Suicide attack targets police station in south Russia

Suicide attack targets police station in south Russia

MOSCOW - Agence France-Presse
Suicide attack targets police station in south Russia

REUTERS photo

Three suicide bombers blew themselves on April 11 up as they tried to storm a police station in the usually-peaceful region of southern Russia, police said.

No other casualties were reported in the incident which took place in Novoselitskoye village in the southern Stavropol region.
 
"We were holding a meeting in the morning when five explosions went off," Sergei Karamyshev, a senior local police official, told AFP.
 
"Three people blew themselves up after an officer on duty at the entrance blocked the door to the building," he said.
 
He said three of the explosions were caused by the suicide bombers, while a fourth was caused by a grenade while the source of the fifth blast was not immediately clear.    

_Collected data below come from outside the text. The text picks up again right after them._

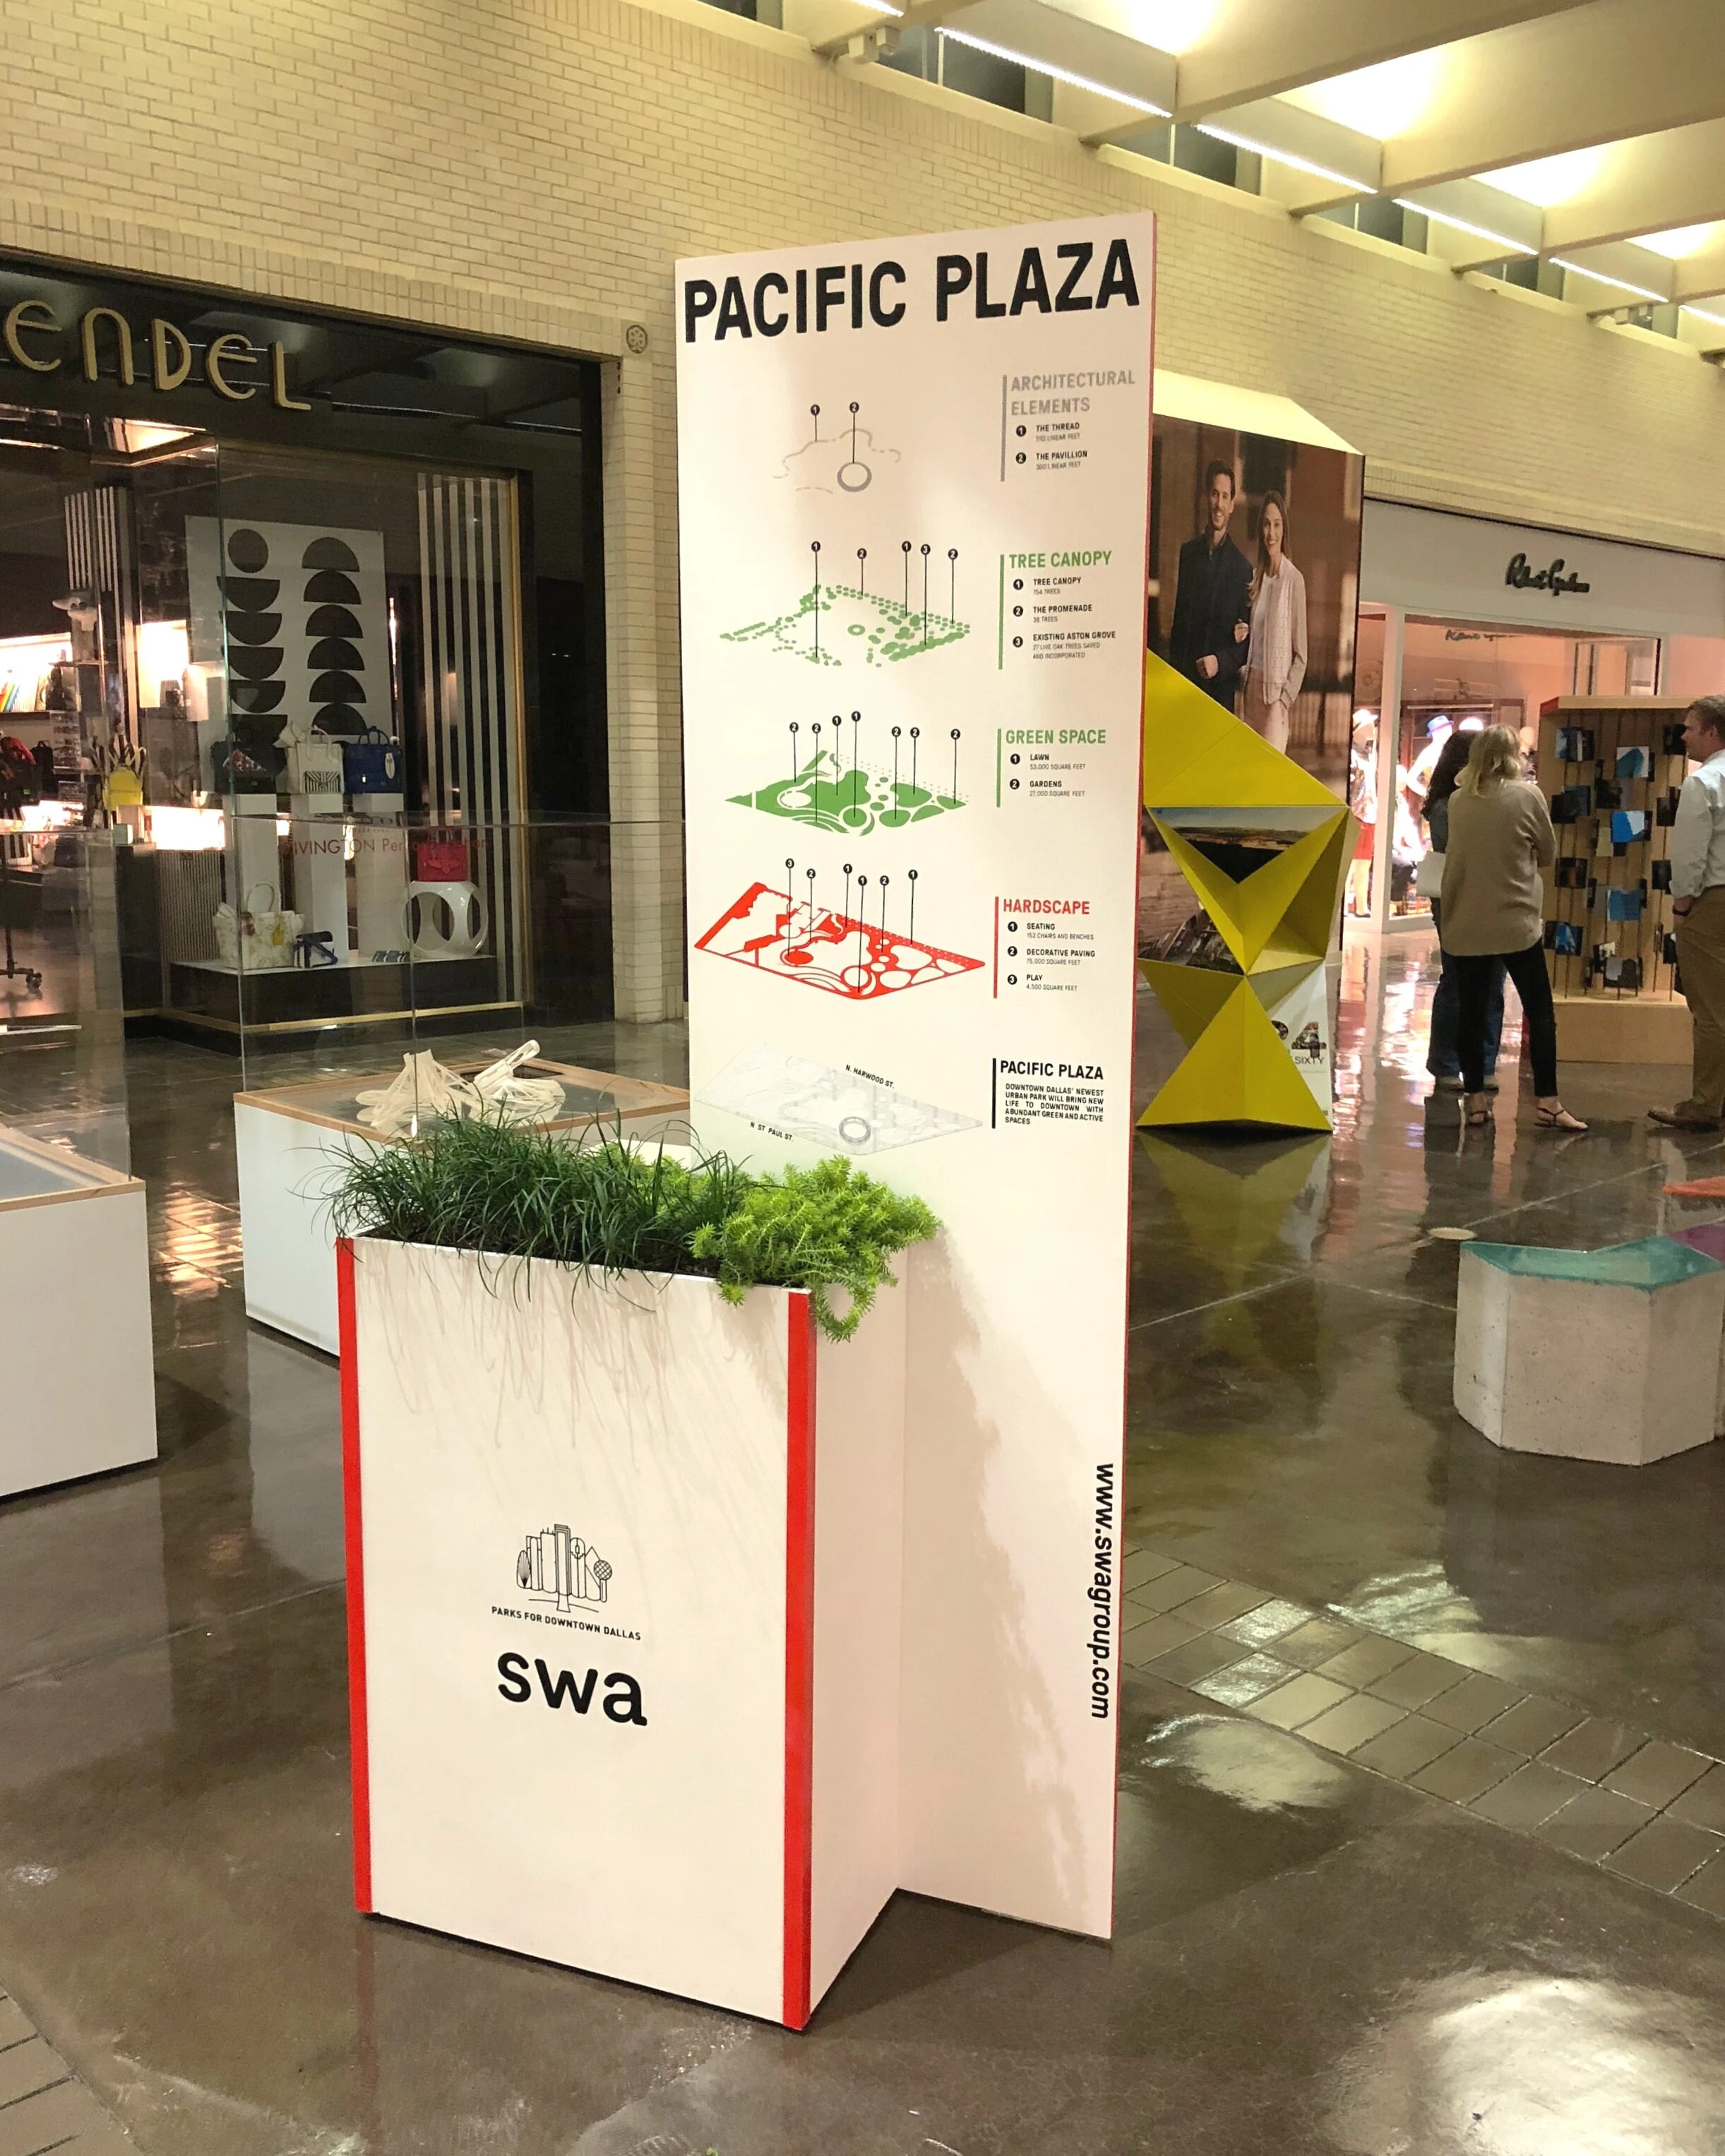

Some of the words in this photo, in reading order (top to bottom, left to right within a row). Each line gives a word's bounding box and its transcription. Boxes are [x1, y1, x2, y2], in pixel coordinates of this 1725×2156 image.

[684, 260, 907, 344] PACIFIC
[936, 239, 1140, 323] PLAZA
[1011, 371, 1135, 391] ARCHITECTURAL
[1011, 397, 1090, 415] ELEMENTS
[1052, 422, 1080, 431] THREAD
[1051, 450, 1087, 460] PAVILLION
[1009, 553, 1046, 568] TREE
[1051, 551, 1112, 567] CANOPY
[1006, 730, 1053, 744] GREEN
[1059, 729, 1106, 743] SPACE
[1003, 899, 1090, 914] HARDSCAPE
[1295, 1056, 1325, 1065] SIXTY
[853, 1067, 884, 1084] HARWOOD
[1001, 1060, 1053, 1076] PACIFIC
[1058, 1064, 1104, 1079] PLAZA
[1005, 1083, 1044, 1092] DOWNTOWN
[1041, 1102, 1080, 1111] DOWNTOWN
[768, 1128, 783, 1138] PAUL
[1087, 1463, 1114, 1719] www.swagroup.com
[491, 1606, 522, 1619] PARKS
[524, 1612, 542, 1622] FOR
[545, 1616, 600, 1633] DOWNTOWN
[604, 1627, 641, 1641] DALLAS
[497, 1652, 647, 1726] swa

There was no immediate information on the identities of the bombers.
 
Russia's North Caucasus has been gripped by nearly daily violence for years due to a simmering Islamist insurgency there but attacks in southern Russia are extremely rare.
 
A regional police spokeswoman, however, said only one of the attackers had detonated an explosive charge while the other two assailants were killed by "return fire."  

"They were shooting at the building," Natalya Tyncherova told AFP, adding that the exact number of assailants was still unclear.
 
President Vladimir Putin's spokesman Dmitry Peskov said efforts were under way "to understand what was behind" the attack, which is likely to be seen as a blow to the Kremlin's prestige.
 
"Was this a terrorist threat or gangsters? Without knowing the circumstances it is hard to say," he told reporters during a conference call.    

Regional investigators declined immediate comment.
 
The attack took place after the Syrian army backed by Russian forces secured a hugely-symbolic victory over Islamic State of Iraq and the Levant (ISIL) jihadists in Palmyra and is preparing to retake control of the northern city of Aleppo from rebels fighting the regime of President Bashar al-Assad.
 
ISIL has vowed revenge after Putin launched a bombing campaign in Syria last September.
 
In December, ISIL militants claimed responsibility for a deadly shooting in Derbent, a city in the North Caucasus republic of Dagestan with an ancient citadel that is popular with tourists.